Singer:
Born October 20, 1938: Died May 19, 2011
Kathy Kirby, who has died aged 72 after a short illness, was a singing star whose popularity peaked in the 1960 but who suffered a traumatic decline in fortunes as her fame faded.
Born Kathleen O’Rourke in Ilford, Essex, she was convent educated and early on harboured hopes of becoming an opera star. But she became a professional singer after meeting the bandleader Bert Ambrose at the Ilford Palais in 1956 and despite being 40 years her senior he became her lover as well as her mentor and manager until his death.
After playing the club circuit she eventually landed a deal Decca Records and her popularity grew until she was a “blonde bombshell” pin-up and one of the UK’s biggest stars, with two top ten hits, including her signature song Secret Love, and three others in the top 40. She starred in three television series for BBC TV and also appeared on the The Ed Sullivan Show in the US. Her cover of Secret Love was released in 1963 and that year she was voted Top British Female Singer the annual New Musical Express poll.
In 1965 Kirby, whose niece Sarah is married to Sir Mark Thatcher, represented the UK in the 1965 Eurovision Song Contest, coming second with I Belong to Luxembourg’s France Gall, who sang a composition by Serge Gainsbourg.
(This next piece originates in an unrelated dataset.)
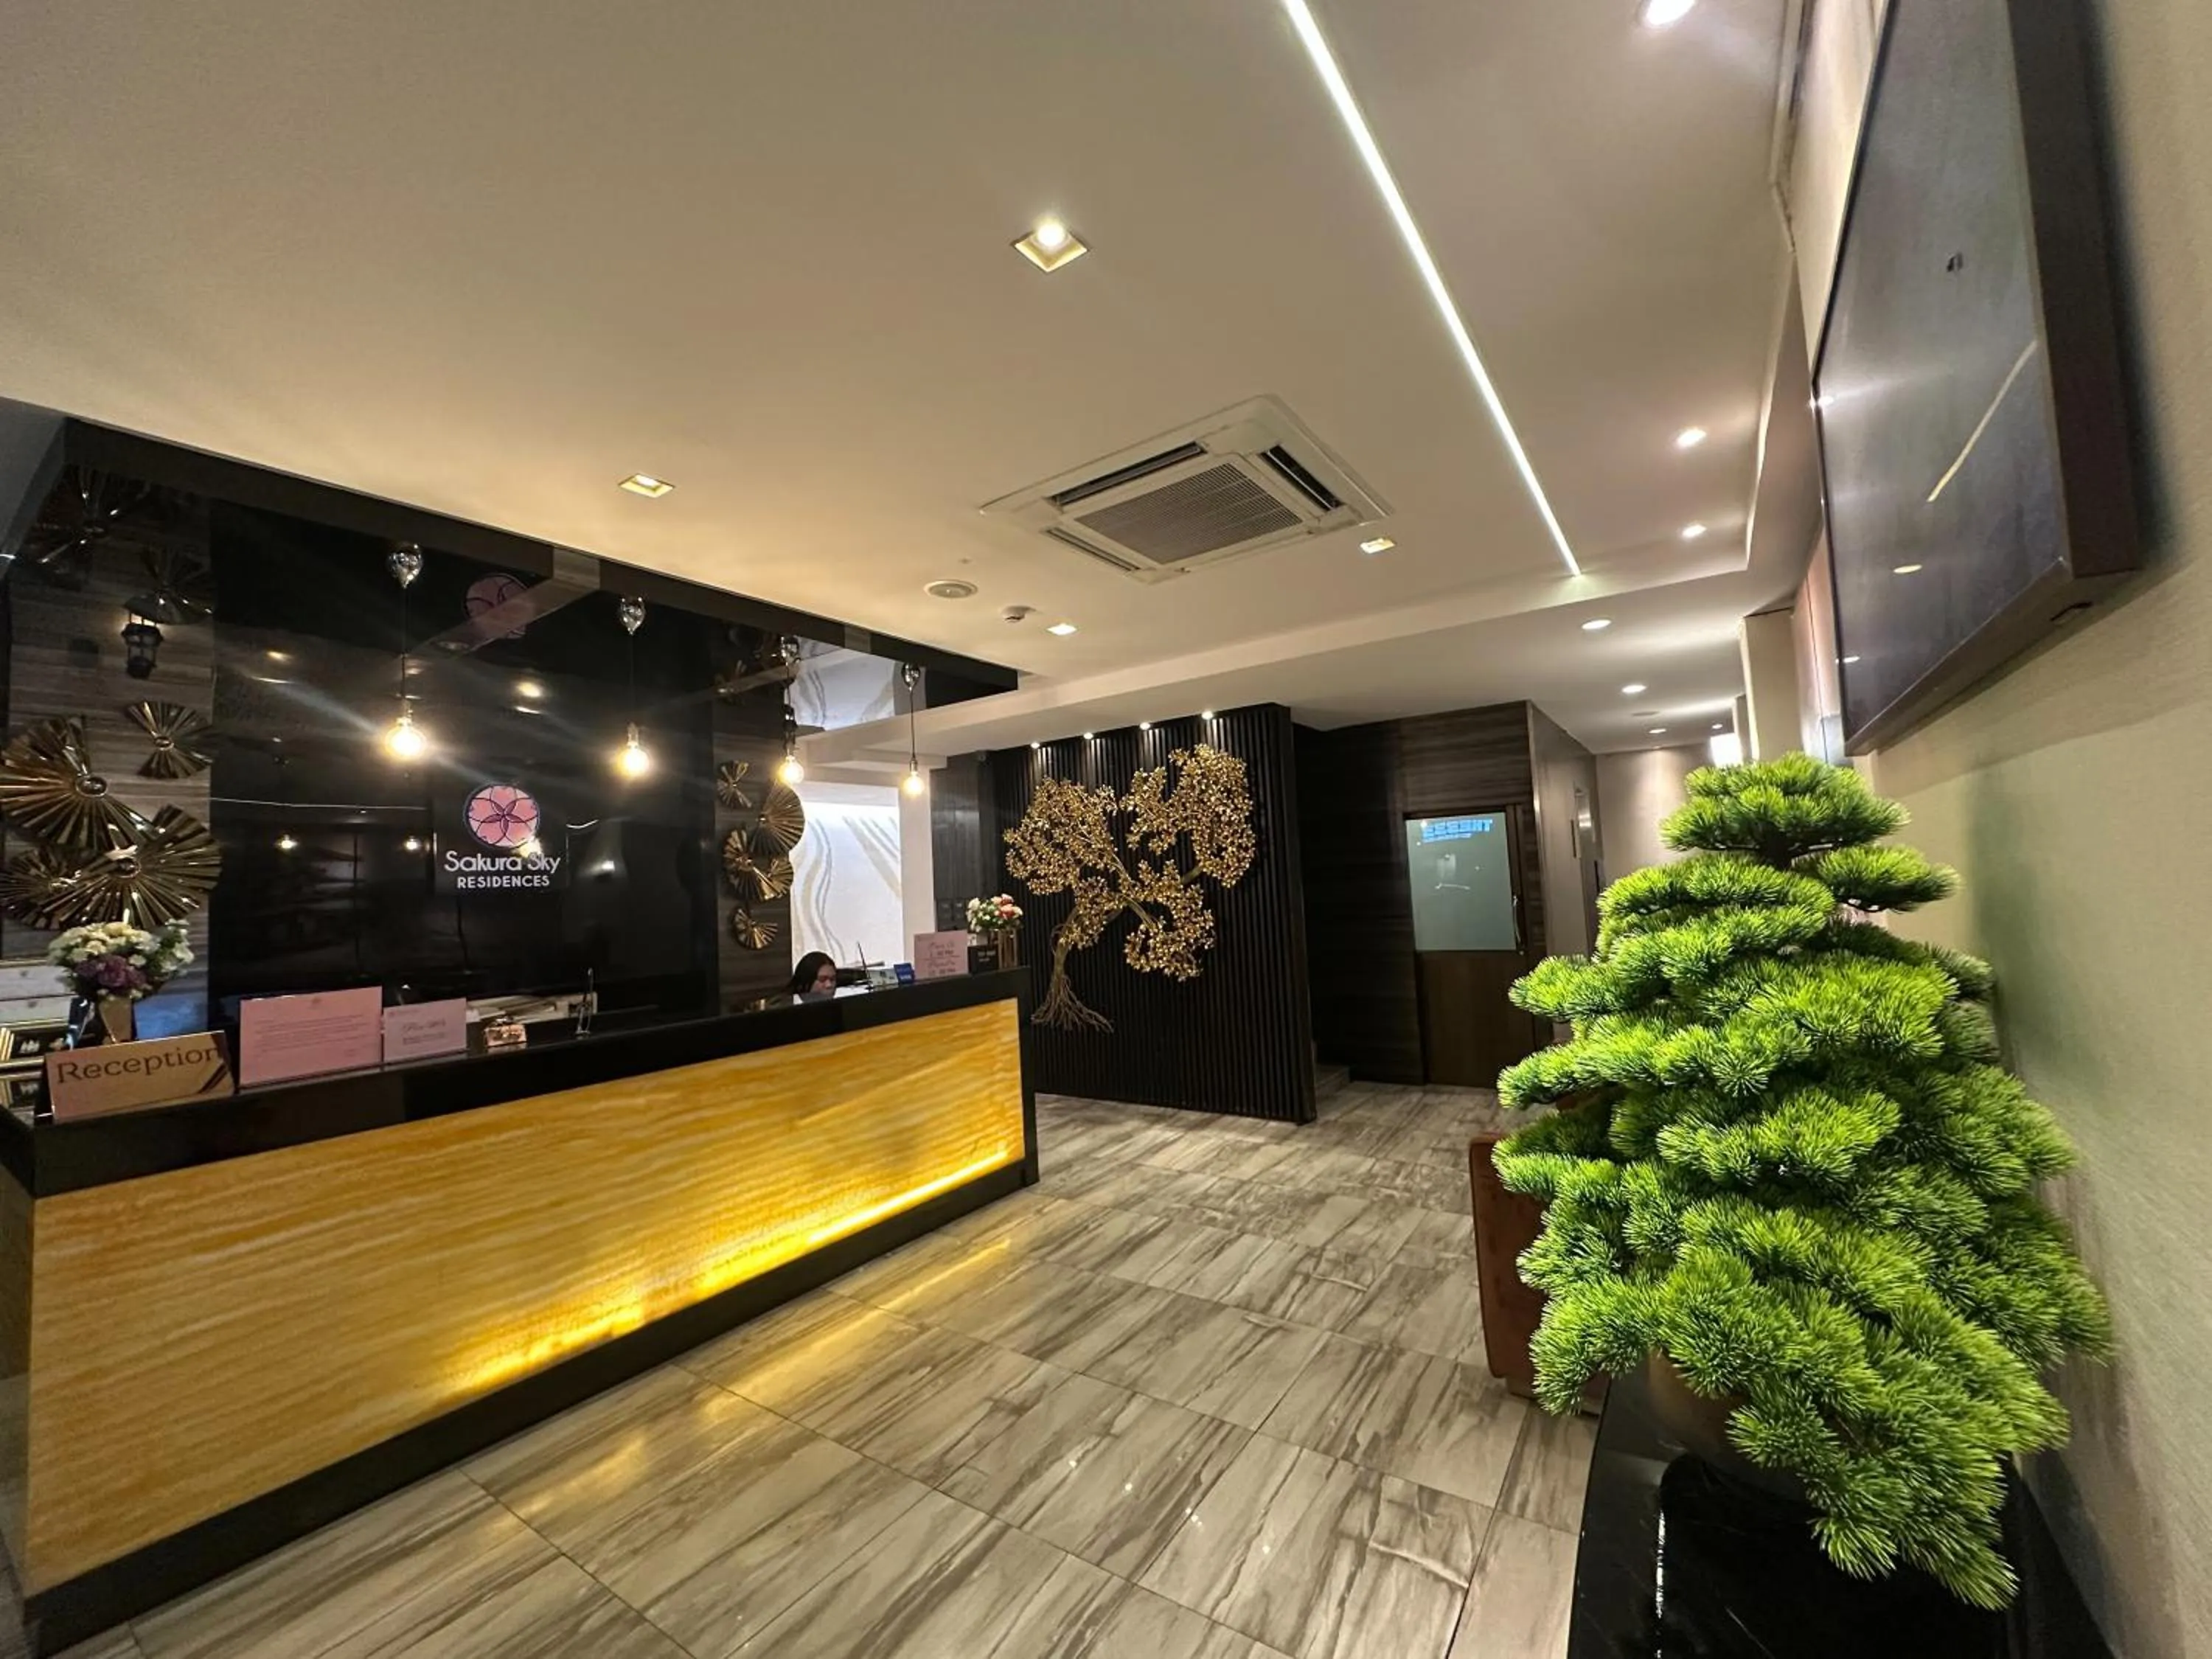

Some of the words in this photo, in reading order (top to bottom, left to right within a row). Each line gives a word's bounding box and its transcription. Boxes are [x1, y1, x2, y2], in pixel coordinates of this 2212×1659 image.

[445, 850, 522, 872] Sakura
[527, 852, 560, 874] Sky
[457, 875, 550, 888] RESIDENCES
[57, 1046, 222, 1083] Reception
Kirby was also noted for her theme to hit TV show Adam Adamant, and she went on to record a number of albums in the late 1960s under a new deal with EMI and at the height of her fame was reputed to be worth £5m. However the hits began to dry up. She recorded 12 singles and an album between 1967 and 1973, but they all failed to chart.
When her chart days were behind her, she then appeared in a number of TV variety shows but gradually withdrew from the public eye. Speaking in 2009, she claimed to have had a fling with Bruce Forsyth which had a profound effect on her relationship with Ambrose, who died in 1971. She said Ambrose was turning down work because he was scared she might leave him.
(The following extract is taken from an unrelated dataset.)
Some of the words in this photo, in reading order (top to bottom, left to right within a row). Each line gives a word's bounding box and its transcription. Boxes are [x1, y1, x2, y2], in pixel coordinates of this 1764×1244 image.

“I think I could have played romantic leads or light comedy roles in movies but my silly affair with Bruce had inadvertently brought it all to an end,” she recalled.“I could feel frustrated and bitter but in the end I just put it downto experience. What else could I do?”
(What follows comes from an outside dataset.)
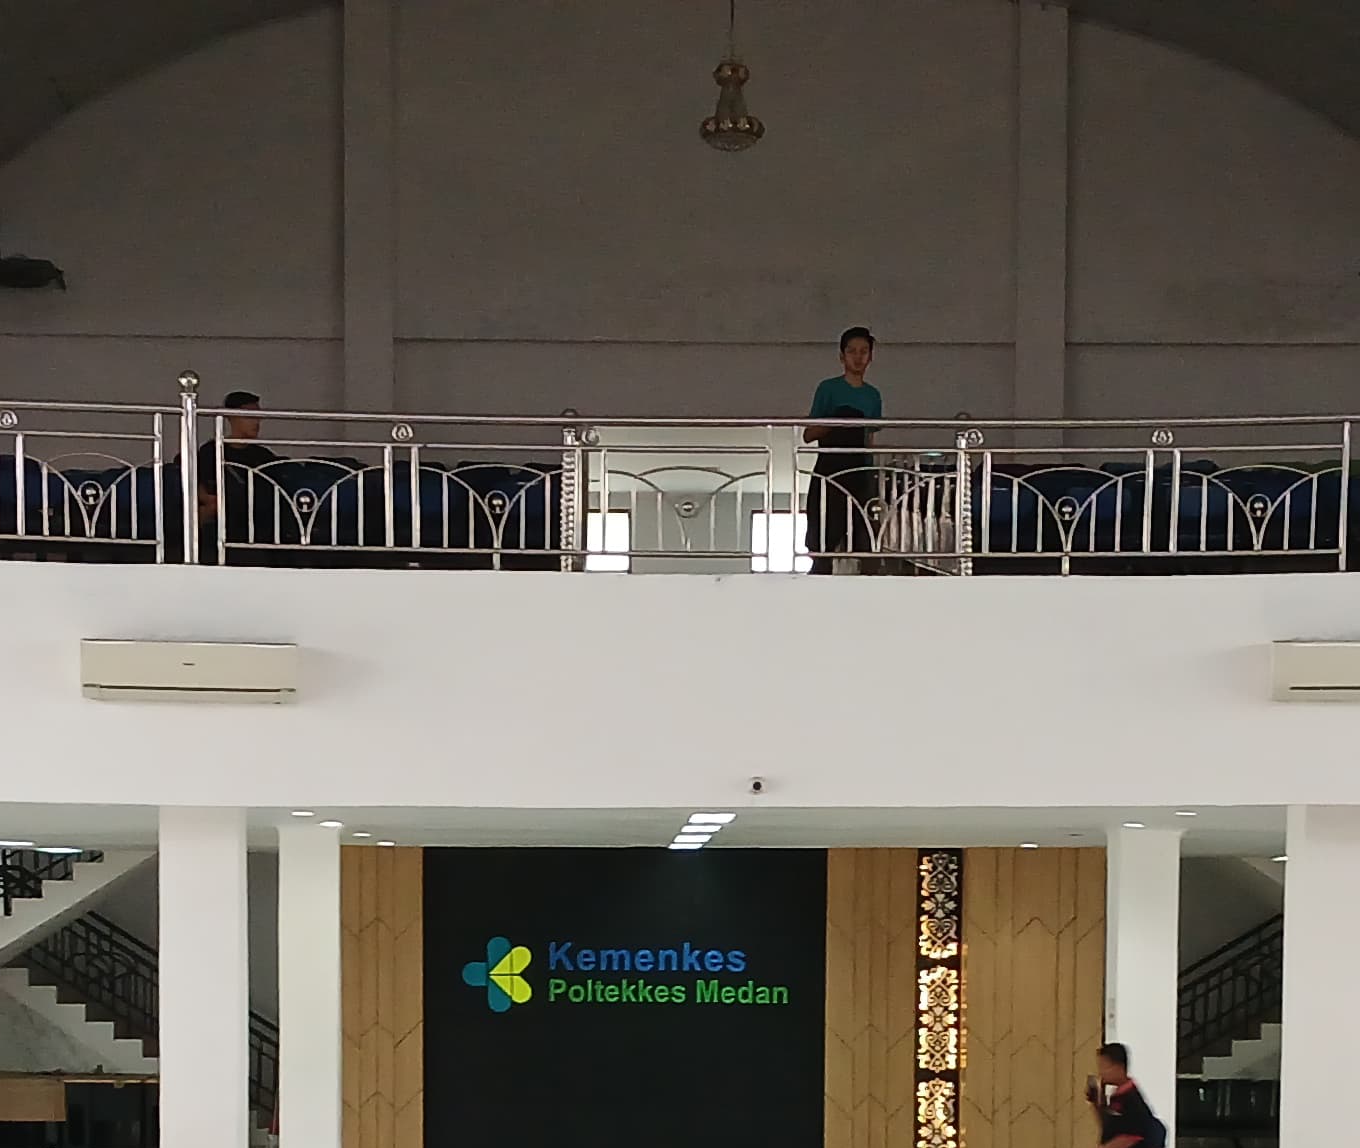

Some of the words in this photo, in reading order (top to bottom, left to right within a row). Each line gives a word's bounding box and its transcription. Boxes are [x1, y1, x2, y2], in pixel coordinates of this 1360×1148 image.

[548, 941, 747, 972] Kemenkes
[549, 979, 686, 1003] Poltekkes
[696, 980, 789, 1005] Medan
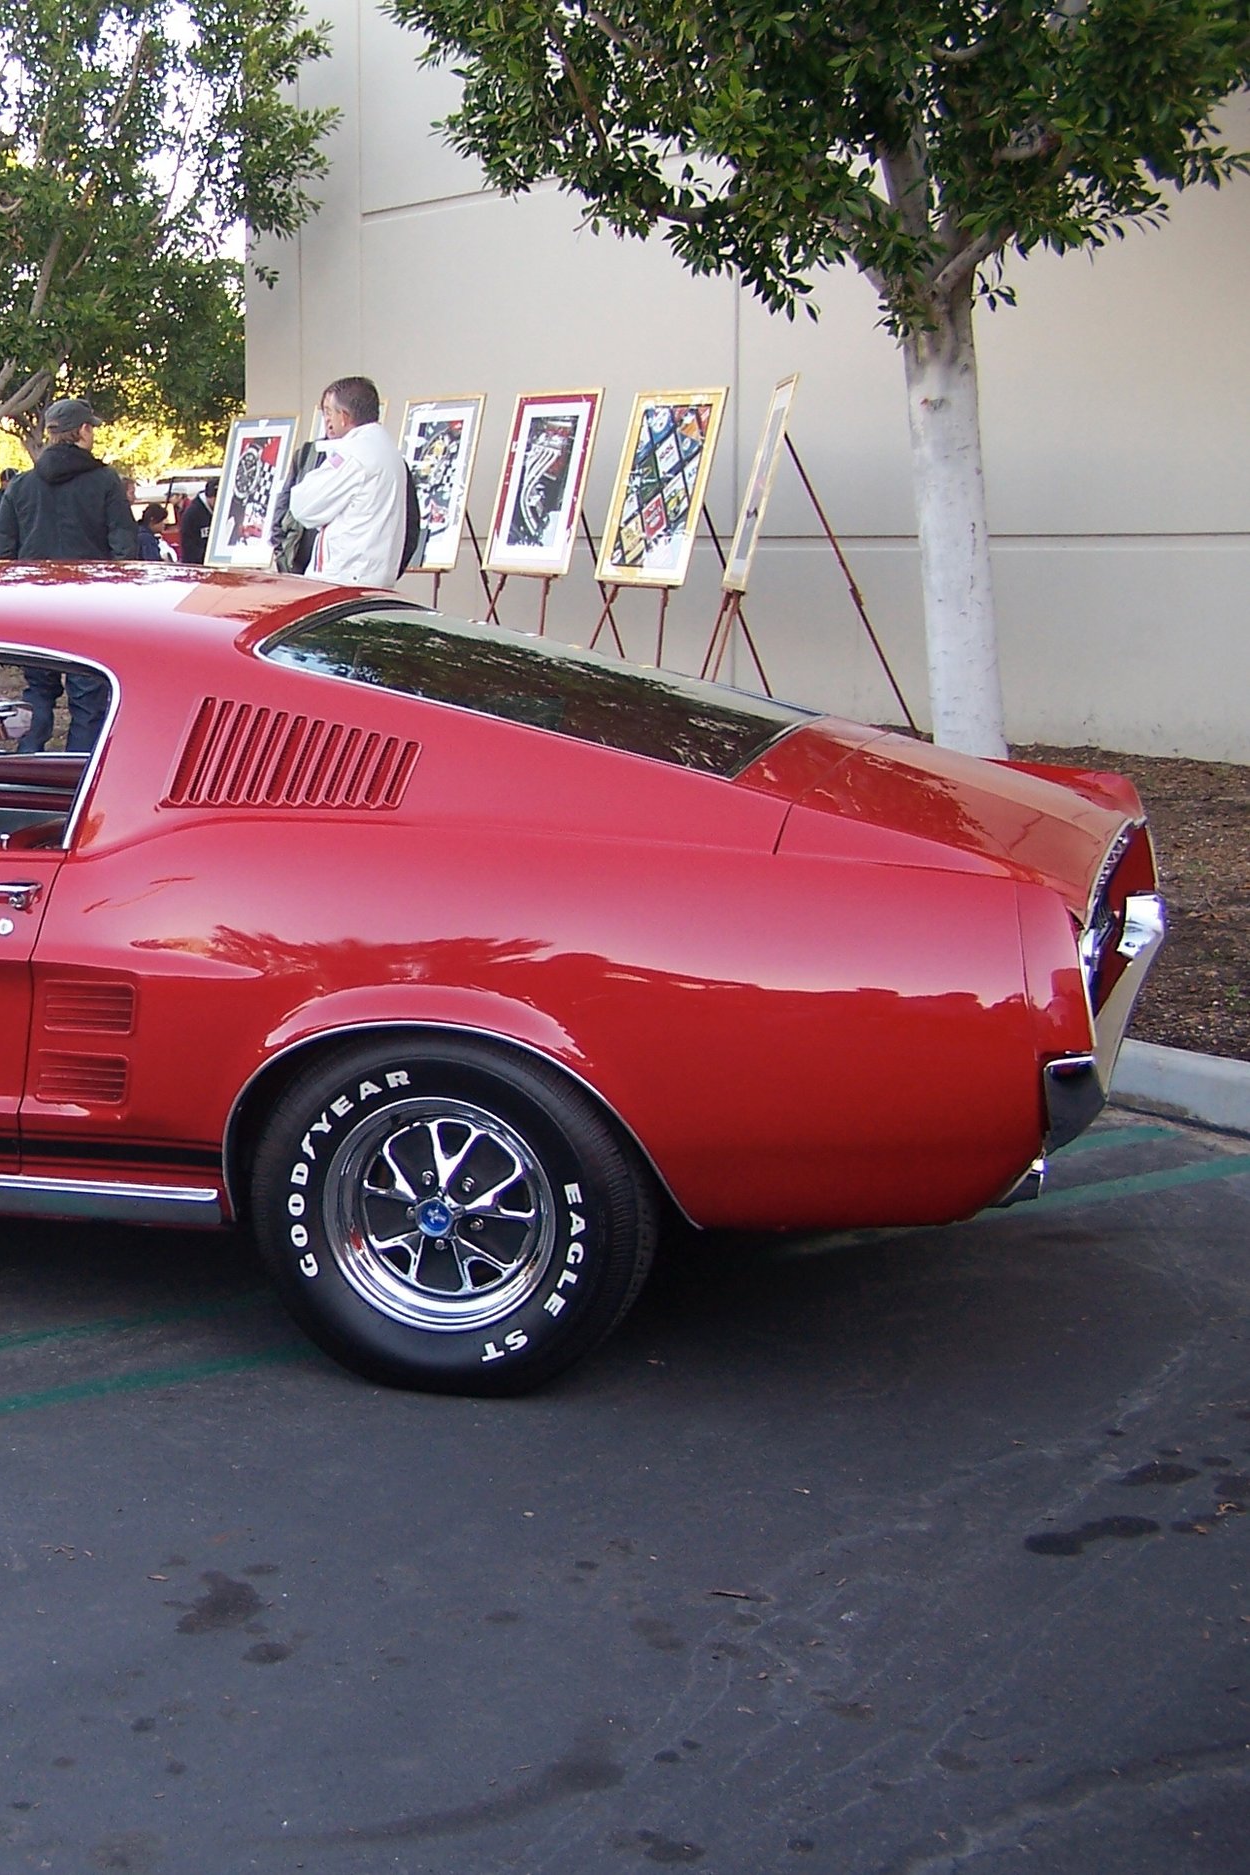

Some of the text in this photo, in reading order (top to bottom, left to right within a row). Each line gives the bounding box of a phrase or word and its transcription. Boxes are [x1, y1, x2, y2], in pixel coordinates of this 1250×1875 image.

Following Ambrose’s death on stage in Leeds, Kirby struggled to find direction and by the end of the decade she had been through a much publicised nervous breakdown and a numerous failed comebacks.
Kirby was made bankrupt in 1975 and was reportedly reduced to sleeping rough. After ending up in court for failing to pay a hotel bill and having no address was ordered to stay at St Luke’s psychiatric hospital in London.
During her stay, a female fan called Laraine McKay began visiting and looked after her when she was released. The couple started a lesbian relationship and when they announced they wanted to get married the tabloid press had a field day. But McKay was later arrested and imprisoned for three years on charged of fraud and forgery.
Kirby was diagnosed as schizophrenic but made a brief comeback in 1981, spearheaded by a reworking of the Charles Aznavour song She – renamed He.
But the return to the spotlight was to be short-lived and she decided to retire in her early 40s and made her last major public singing appearance in the early 1980s on a TV special.Kirby, who lived as a virtual recluse in South Kensington, London, married a policeman turned writer, Frederick Pye, in the 1970s but the relationship was short-lived.